Models and a Tecnique for Determining the Speech Activity of a User of a Socio-Cyberphysical System

Purpose of reseach. The article presents the development of the model-algorithmic support for the process of determining the speech activity of a user of a socio-cyberphysical system. A topological model of a distributed subsystem of audio recordings implemented in limited physical spaces (rooms) is proposed; the model makes it possible to assess the quality of perceived audio signals for the case of distribution of microphones in such a room. Based on this model, a technique for determining the speech activity of a user of a socio-cyberphysical system, which maximizes the quality of perceived audio signals when a user moves in a room by means of determining the installation coordinates of microphones has been developed.

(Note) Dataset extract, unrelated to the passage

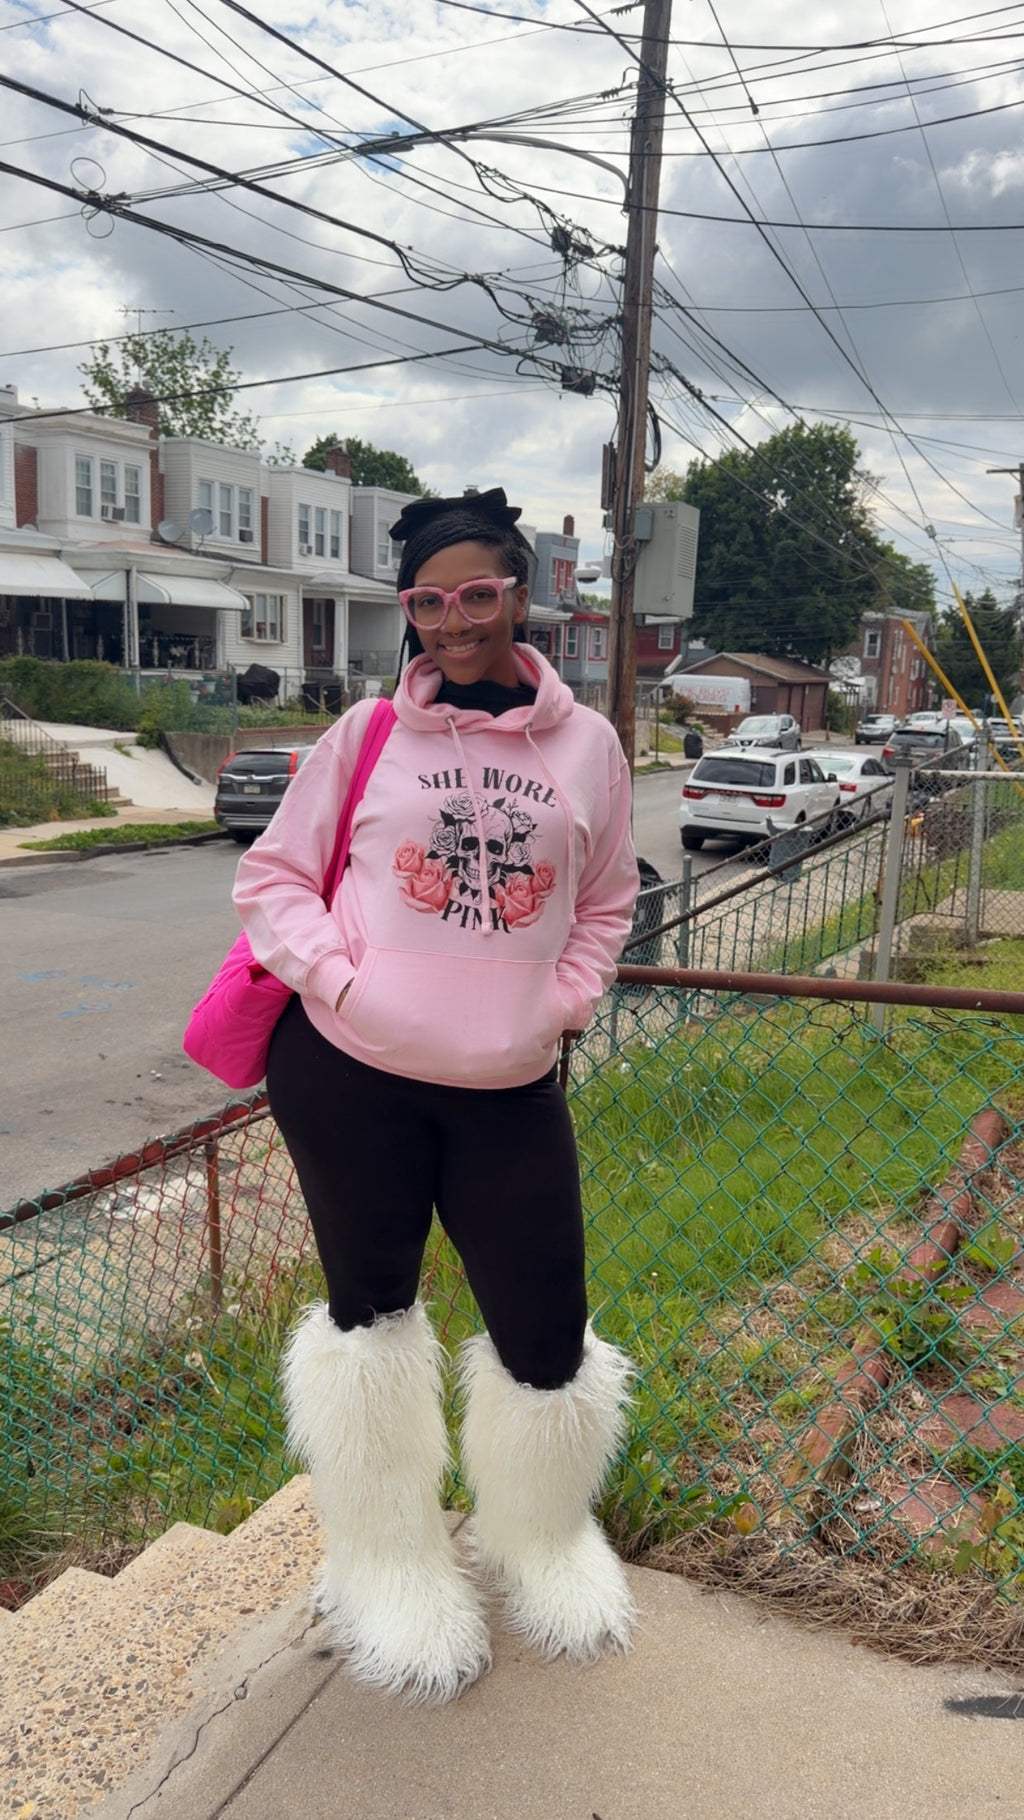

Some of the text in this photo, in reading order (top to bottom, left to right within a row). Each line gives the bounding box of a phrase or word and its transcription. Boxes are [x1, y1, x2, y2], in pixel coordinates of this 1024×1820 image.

[418, 767, 557, 808] SHE WORE
[441, 898, 512, 934] PINK

Methods. The mathematical tools of graph theory and set theory was used for the most complete analysis and formal description of the distributed subsystem of the audiorecording. In order to determine the coordinates of the placement of microphones in one room, a relevant technique was developed; it involves performing such operations as emitting a speech signal in a room using acoustic equipment and measuring signal levels using a noise meter in the places intended for installing microphones. 

Results. The dependences of the correlation coefficient of the combined signal and the initial test signal on the distance to the signal source were calculated for a different number of microphones. The obtained dependences allow us to determine the minimum required number of spaced microphones to ensure high-quality recording of the user’s speech. The results of testing the developed technique for determining speech activity in a particular room indicate the possibility and high efficiency of determining the speech activity of a user of a socio-cyberphysical system.

Conclusion. Application of the proposed technique for determining the speech activity of a user of a sociocyberphysical system will improve the recording quality of the audio signal and, as a consequence, its subsequent processing, taking into account the possible movement of a user.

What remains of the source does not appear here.